Thirty-two studies (28 to 7,018 participants) were included in the review: two randomised controlled trials (RCTs), one quasi-RCT, one pilot non-RCT, two controlled before-and-after studies, four historical control studies, five before-and-after studies, six cohort studies, one ecological study and 10 descriptive studies.
Anti-retroviral adherence (18 studies): Ten studies assessed adherence rates where the role of the pharmacist was central. Eight of these studies had a comparison control group; all eight studies showed a significant improvement in the pharmacist group. Nine studies assessed the adherence rates when the pharmacist’s role was peripheral. Five of these studies compared the pharmacist role to a control group; four reported significant improvements in the pharmacist group. Where adherence rates were reported as continuous outcomes, rates in the pharmacist arm were 2% to 59% higher compared to the control arm (nine studies).
HIV viral load (10 studies): Six of the nine studies that assessed the central role of the pharmacist showed that pharmacist involvement statistically or clinically reduced viral load significantly or had a greater proportion of maximal viral suppression. Four of five studies that assessed viral load when the pharmacist’s role was peripheral showed a favourable association between pharmacist care and virologic response.
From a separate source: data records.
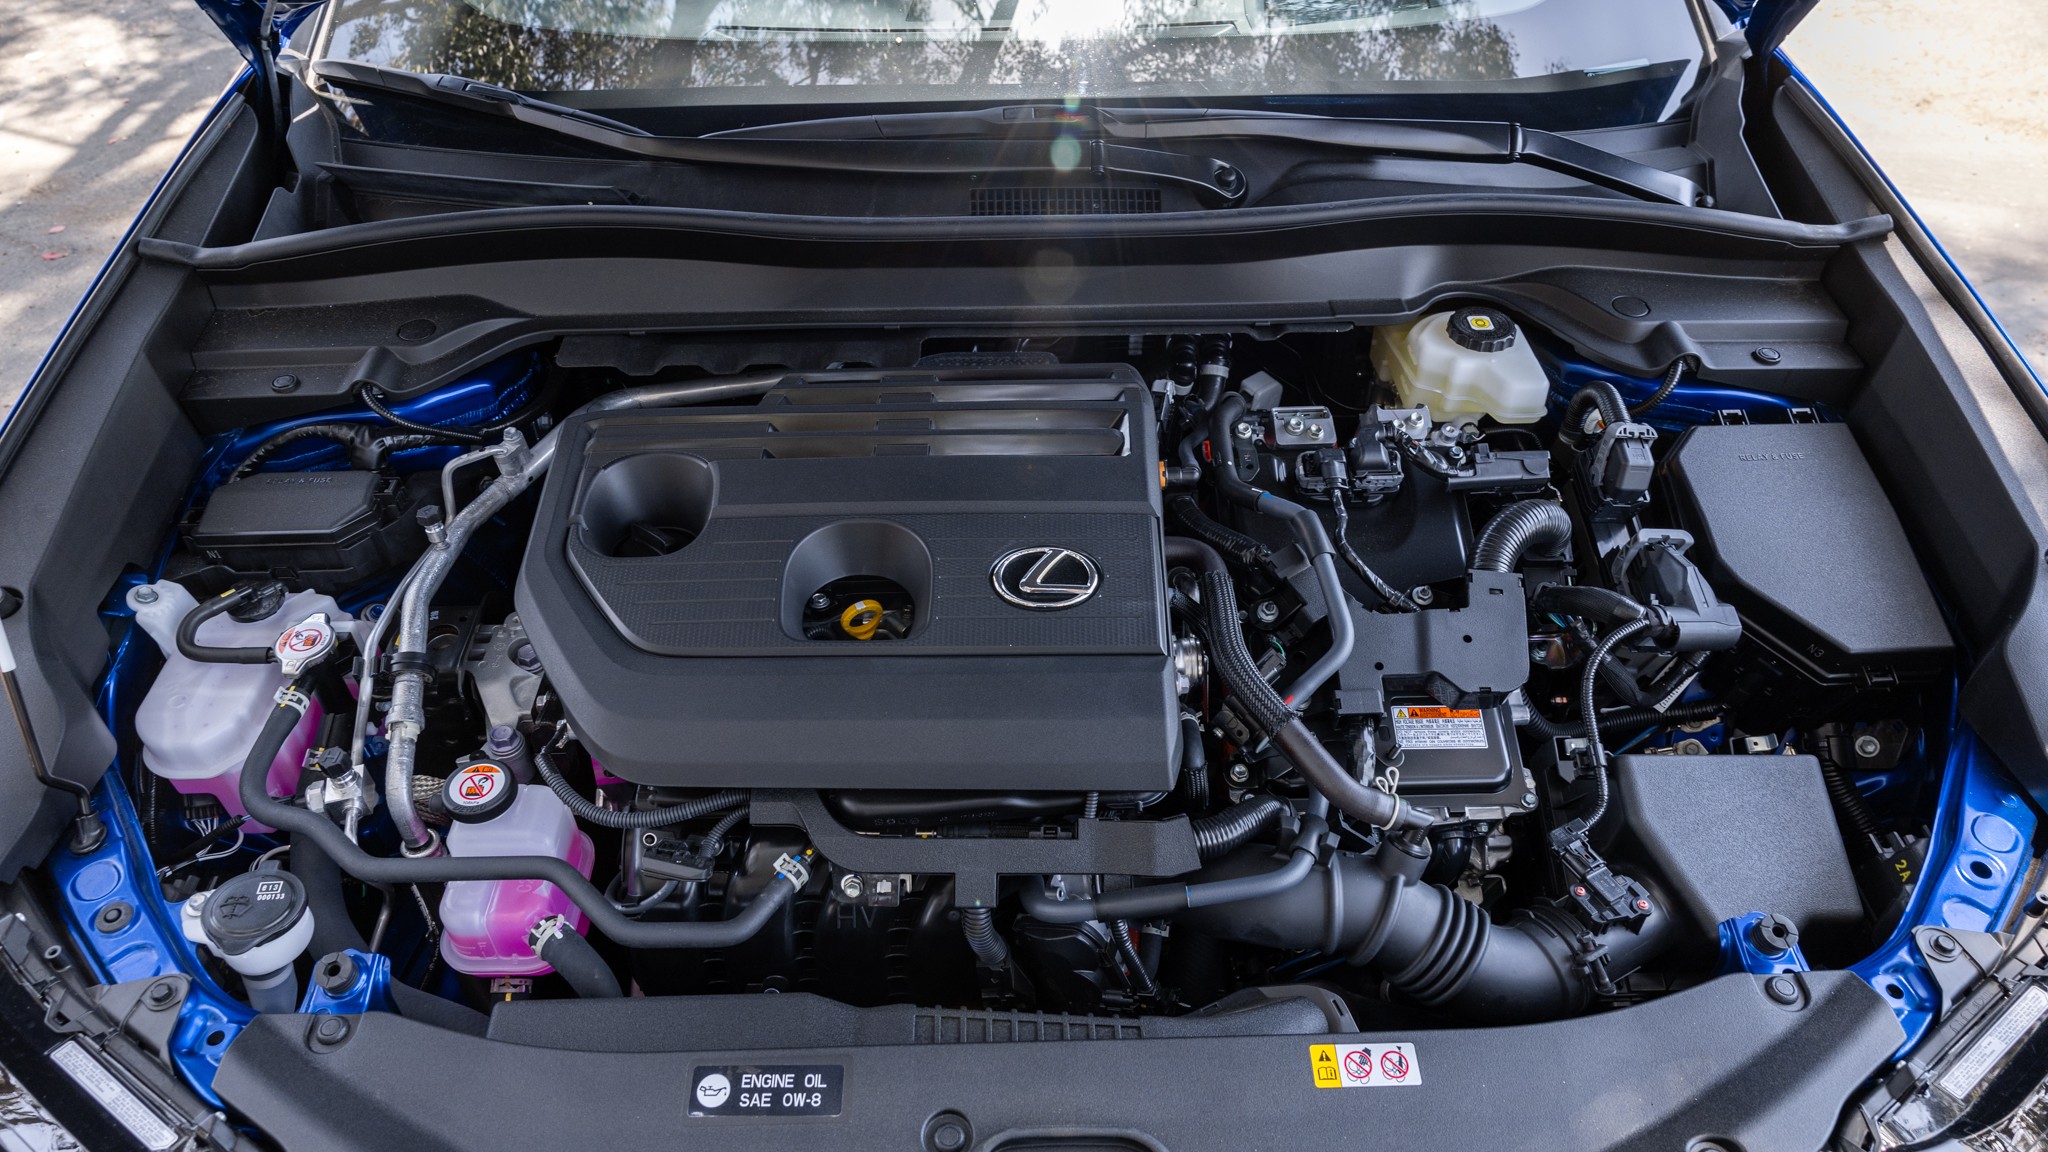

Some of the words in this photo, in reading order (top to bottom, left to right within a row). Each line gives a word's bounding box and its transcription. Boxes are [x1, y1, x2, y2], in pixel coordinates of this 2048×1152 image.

[1779, 452, 1805, 460] FUSE
[1807, 643, 1825, 658] N3
[1894, 859, 1911, 882] 2A
[256, 893, 285, 901] 000133
[837, 903, 877, 928] HV
[741, 1074, 795, 1088] ENGINE
[804, 1073, 827, 1088] OIL
[739, 1093, 772, 1107] SAE
[782, 1092, 821, 1107] 0W-8
CD4+ cell count (10 studies): Two of seven studies that assessed immunologic response when the pharmacist played a central role showed increased CD4+ cell count in association with pharmacist care. Two studies reported immunologic response when the pharmacist played a peripheral role; neither showed any improvements in CD4+ cell count compared to control groups.
The 10 studies that investigated the pharmacist’s central role reported favourable outcomes including increased adherence to appointments and reductions in healthcare visits and pill burden (one study each). Nine studies where pharmacists assumed a peripheral role showed no changes in outcomes such as treatment adherence self-efficacy and continued treatment at 12 months (one study each) or frequency of opportunistic infections (two studies). However, two studies each reported a higher likelihood of remaining on anti-retroviral treatment, fewer contraindicated anti-retroviral regimens and a higher cost in groups that involved a pharmacist.
Other findings, including secondary outcomes, were reported in the review.